Exercise objective -
Once you reach the line containing "this 1638×1092 image.", write out that line and every remaining line of the records exactly.

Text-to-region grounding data
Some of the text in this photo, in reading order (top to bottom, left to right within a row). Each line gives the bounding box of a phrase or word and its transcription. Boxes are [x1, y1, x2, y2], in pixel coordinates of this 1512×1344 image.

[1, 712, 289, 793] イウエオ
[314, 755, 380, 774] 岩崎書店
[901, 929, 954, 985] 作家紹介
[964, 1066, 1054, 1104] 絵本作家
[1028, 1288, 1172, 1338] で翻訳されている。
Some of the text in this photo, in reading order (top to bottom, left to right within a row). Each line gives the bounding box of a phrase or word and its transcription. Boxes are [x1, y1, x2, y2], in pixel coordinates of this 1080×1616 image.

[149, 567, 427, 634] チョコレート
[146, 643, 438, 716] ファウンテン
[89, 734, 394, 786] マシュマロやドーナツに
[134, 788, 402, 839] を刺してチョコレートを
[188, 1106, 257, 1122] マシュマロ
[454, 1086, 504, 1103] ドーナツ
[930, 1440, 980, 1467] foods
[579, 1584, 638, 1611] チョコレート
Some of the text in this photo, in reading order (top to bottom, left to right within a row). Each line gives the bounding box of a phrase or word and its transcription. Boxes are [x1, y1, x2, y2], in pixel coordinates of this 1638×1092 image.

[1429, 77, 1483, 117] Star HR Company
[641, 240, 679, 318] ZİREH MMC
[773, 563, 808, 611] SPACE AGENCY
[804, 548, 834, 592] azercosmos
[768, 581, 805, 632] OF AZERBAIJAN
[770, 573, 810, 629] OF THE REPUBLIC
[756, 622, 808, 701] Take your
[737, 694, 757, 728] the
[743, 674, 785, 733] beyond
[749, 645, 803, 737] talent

Answer to this exercise -
Some of the text in this photo, in reading order (top to bottom, left to right within a row). Each line gives the bounding box of a phrase or word and its transcription. Boxes are [x1, y1, x2, y2], in pixel coordinates of this 1638×1092 image.

[1429, 77, 1483, 117] Star HR Company
[641, 240, 679, 318] ZİREH MMC
[773, 563, 808, 611] SPACE AGENCY
[804, 548, 834, 592] azercosmos
[768, 581, 805, 632] OF AZERBAIJAN
[770, 573, 810, 629] OF THE REPUBLIC
[756, 622, 808, 701] Take your
[737, 694, 757, 728] the
[743, 674, 785, 733] beyond
[749, 645, 803, 737] talent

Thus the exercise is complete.